* [Action item] Every entry should be returned unchanged, with the pictures omitted.

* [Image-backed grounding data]

▬▬▬▬▬▬

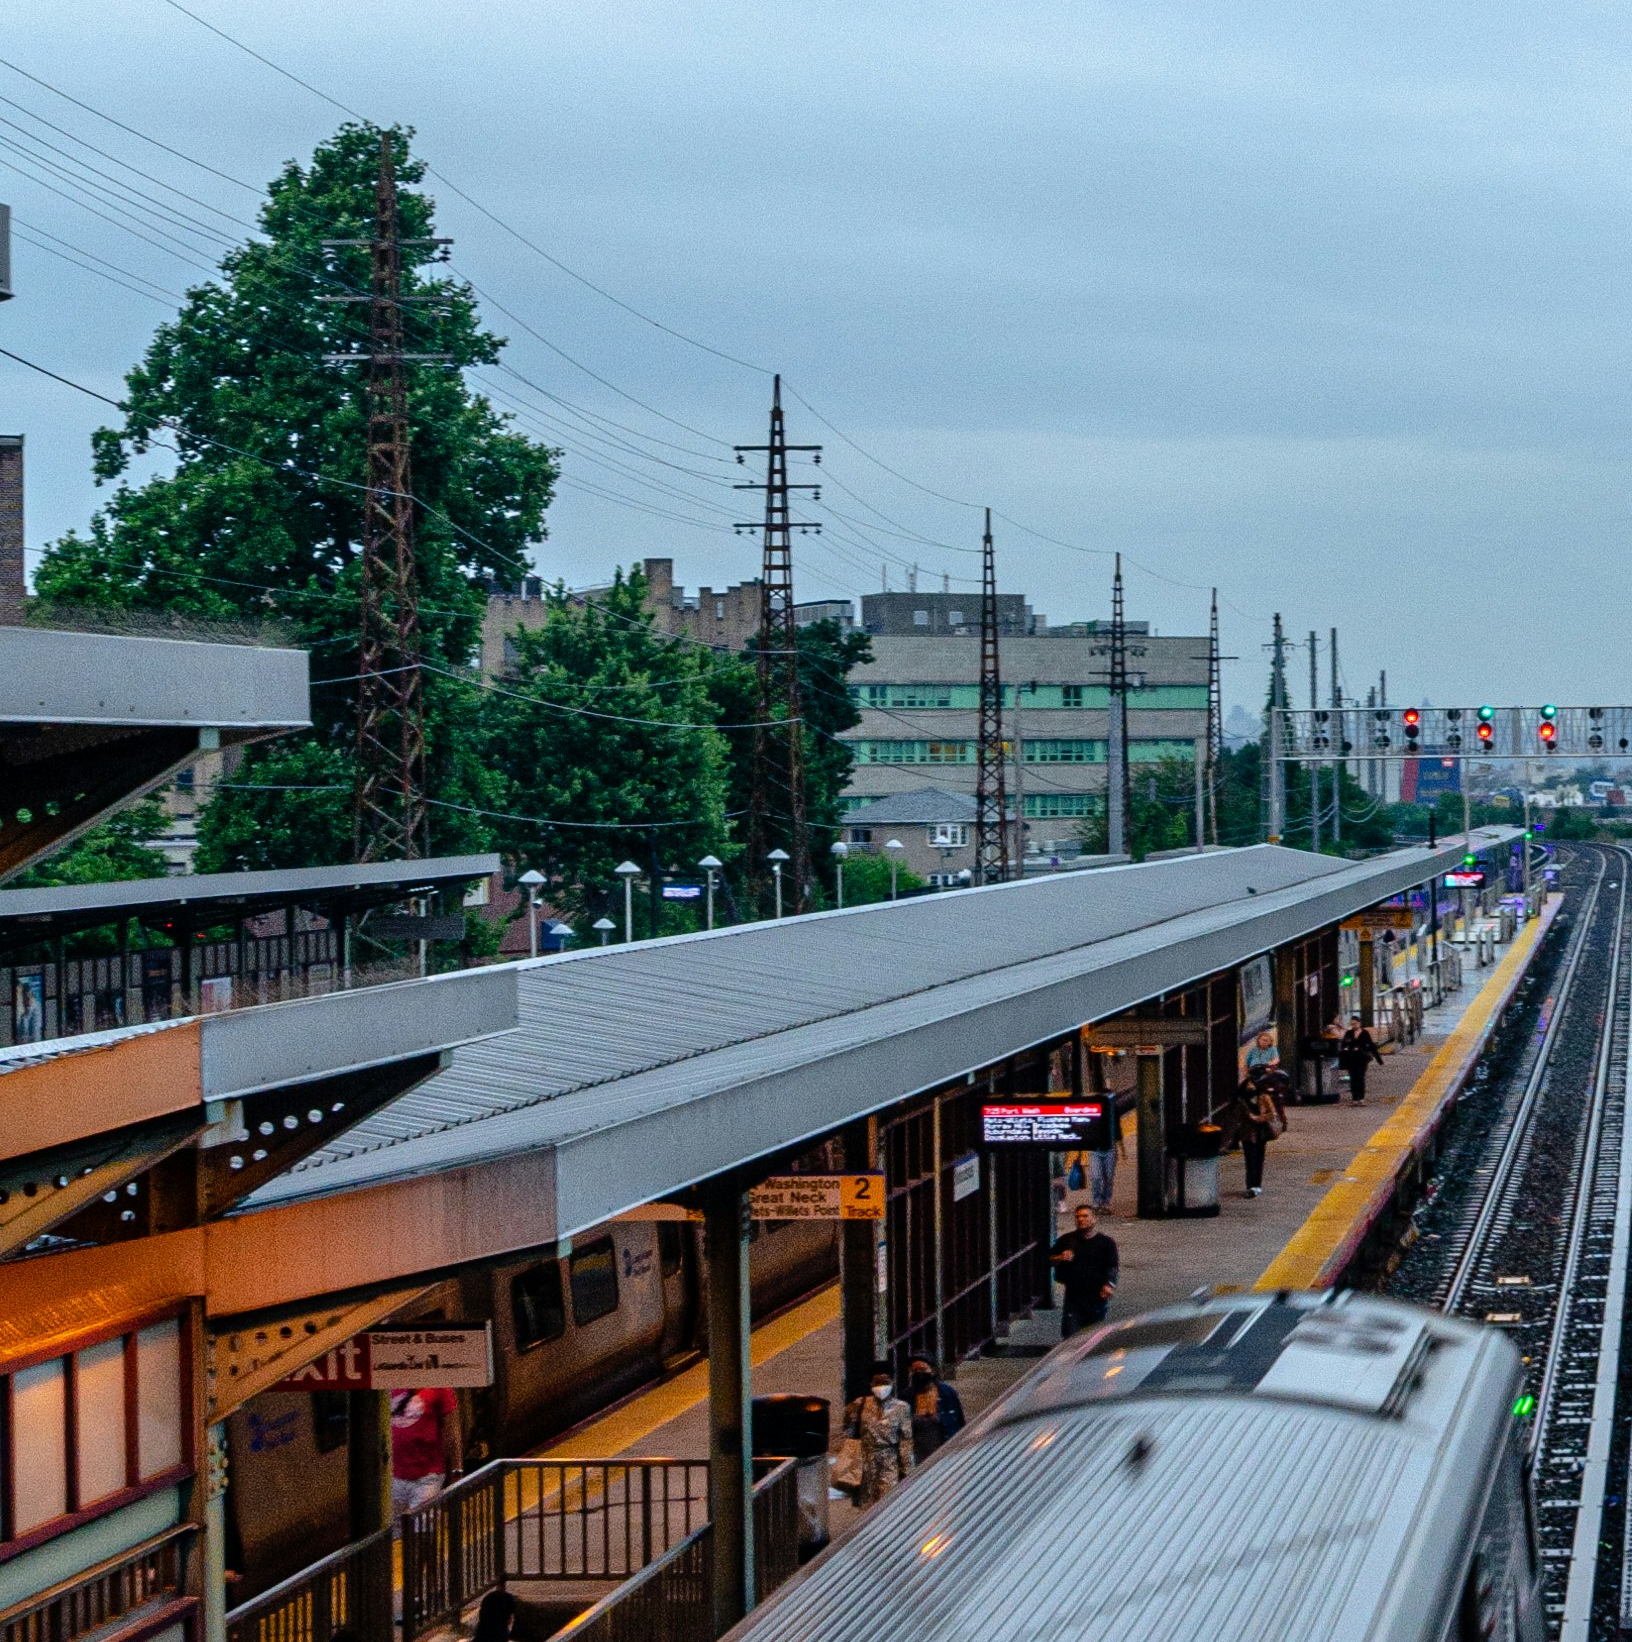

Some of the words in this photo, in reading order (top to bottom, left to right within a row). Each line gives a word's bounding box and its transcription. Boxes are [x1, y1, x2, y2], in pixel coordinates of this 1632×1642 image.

[854, 1177, 871, 1200] 2
[790, 1191, 827, 1204] Neck
[751, 1206, 809, 1217] ets-Willets
[813, 1204, 840, 1216] Point
[844, 1205, 881, 1217] Track
[371, 1334, 411, 1345] Street
[424, 1333, 466, 1344] Buses
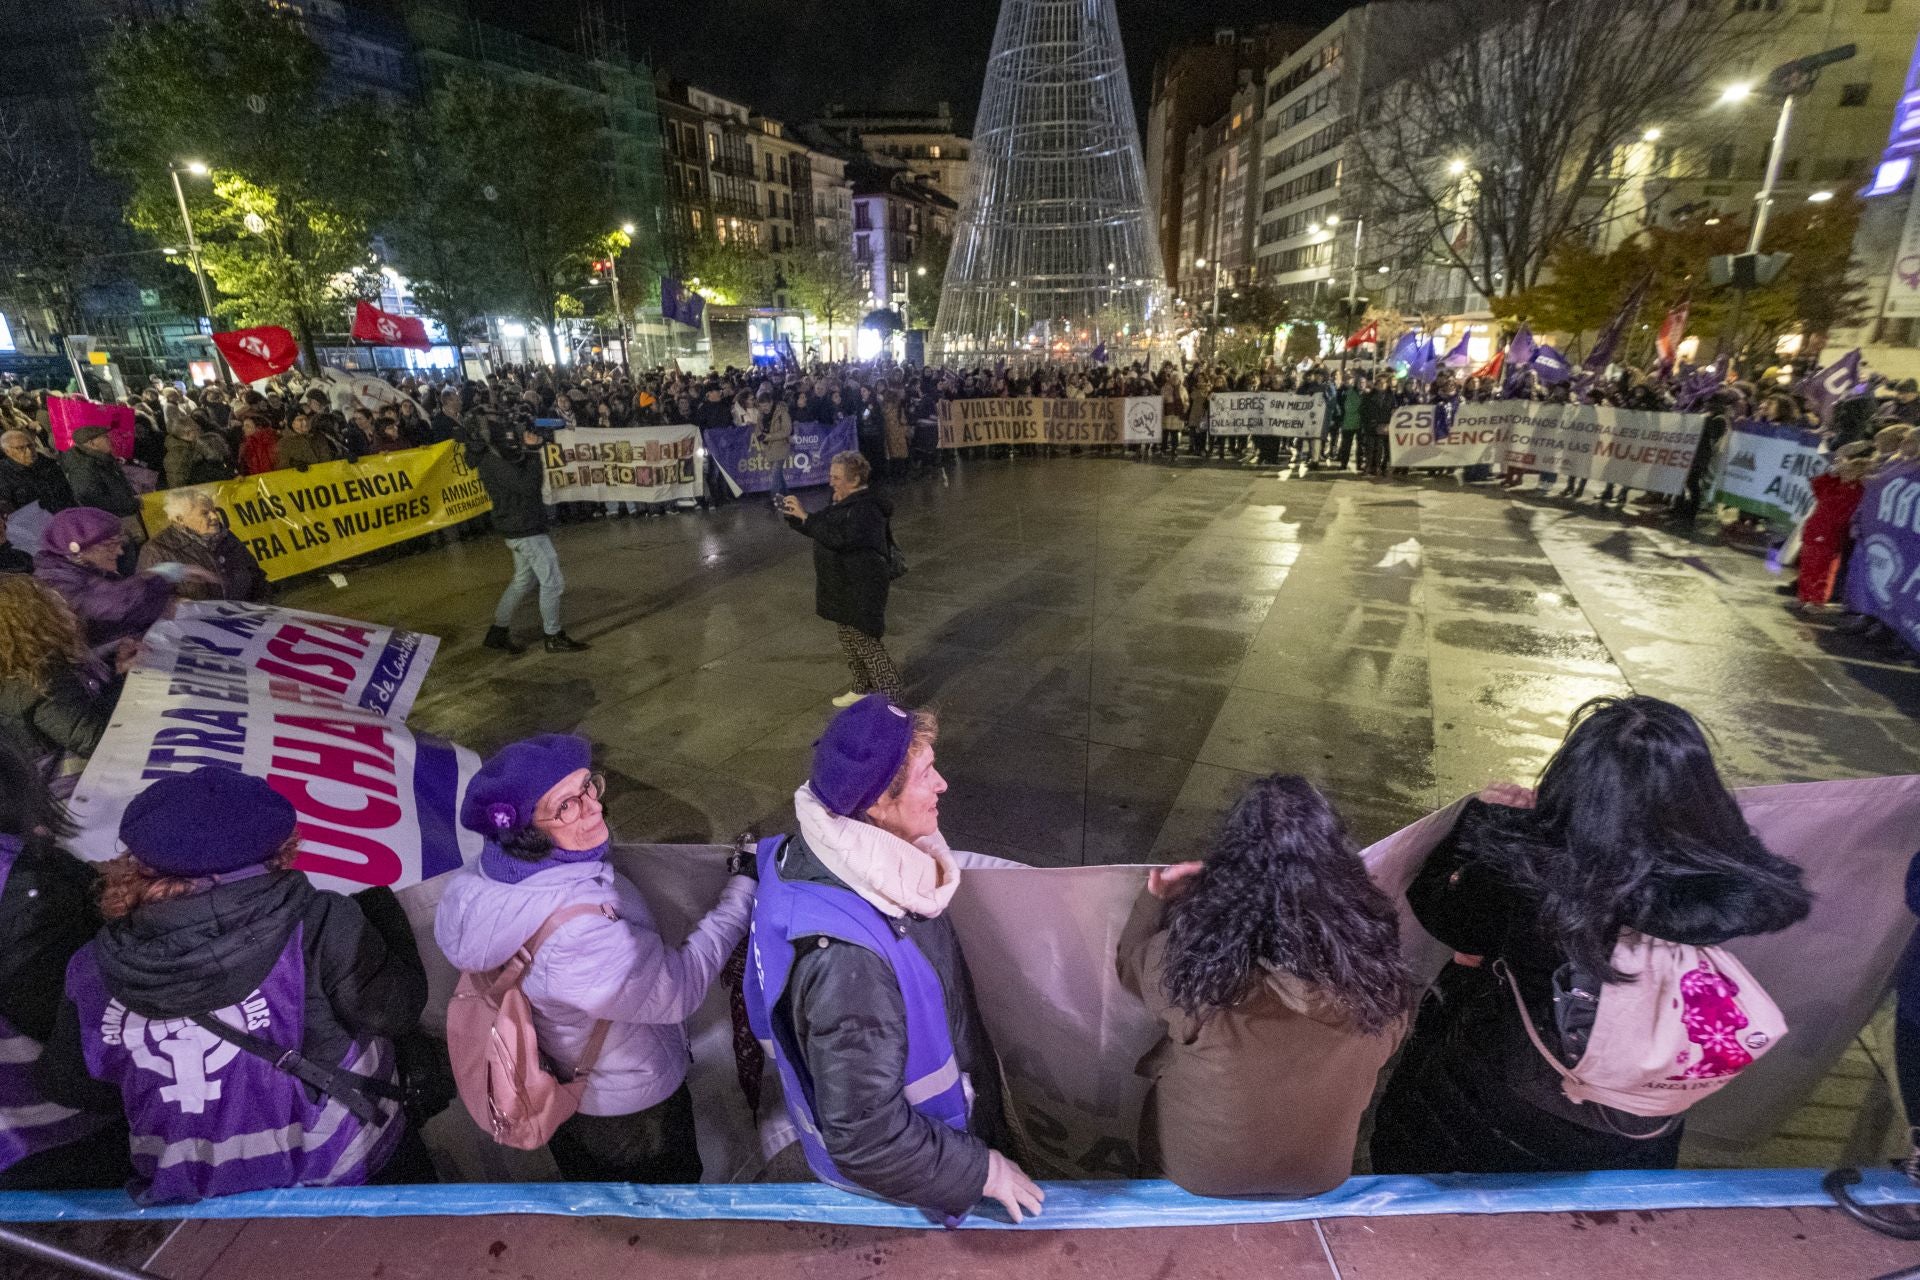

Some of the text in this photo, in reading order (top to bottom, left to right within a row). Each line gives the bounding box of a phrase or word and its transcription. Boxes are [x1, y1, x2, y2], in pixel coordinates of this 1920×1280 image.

[961, 400, 1033, 419] VIOLENCIAS
[1043, 400, 1114, 420] MACHISTAS
[1230, 397, 1314, 411] LIBRES SIN MIEDO
[943, 424, 954, 443] NI
[963, 420, 1038, 443] ACTITUDES
[1458, 415, 1487, 427] POR
[1593, 440, 1696, 469] MUJERES
[234, 491, 286, 527] MÁS
[288, 470, 413, 514] VIOLENCIA
[288, 521, 331, 552] LAS
[336, 495, 431, 540] MUJERES
[371, 680, 395, 702] de

▬▬▬▬▬▬

* [Your solution]
Some of the words in this photo, in reading order (top to bottom, left to right within a row). Each line gives a word's bounding box and its transcription. Boxes are [x1, y1, x2, y2], in pixel coordinates of this 1632×1642 image.

[854, 1177, 871, 1200] 2
[790, 1191, 827, 1204] Neck
[751, 1206, 809, 1217] ets-Willets
[813, 1204, 840, 1216] Point
[844, 1205, 881, 1217] Track
[371, 1334, 411, 1345] Street
[424, 1333, 466, 1344] Buses

Some of the text in this photo, in reading order (top to bottom, left to right within a row). Each line gives the bounding box of a phrase or word and its transcription. Boxes are [x1, y1, x2, y2], in pixel coordinates of this 1920×1280 image.

[961, 400, 1033, 419] VIOLENCIAS
[1043, 400, 1114, 420] MACHISTAS
[1230, 397, 1314, 411] LIBRES SIN MIEDO
[943, 424, 954, 443] NI
[963, 420, 1038, 443] ACTITUDES
[1458, 415, 1487, 427] POR
[1593, 440, 1696, 469] MUJERES
[234, 491, 286, 527] MÁS
[288, 470, 413, 514] VIOLENCIA
[288, 521, 331, 552] LAS
[336, 495, 431, 540] MUJERES
[371, 680, 395, 702] de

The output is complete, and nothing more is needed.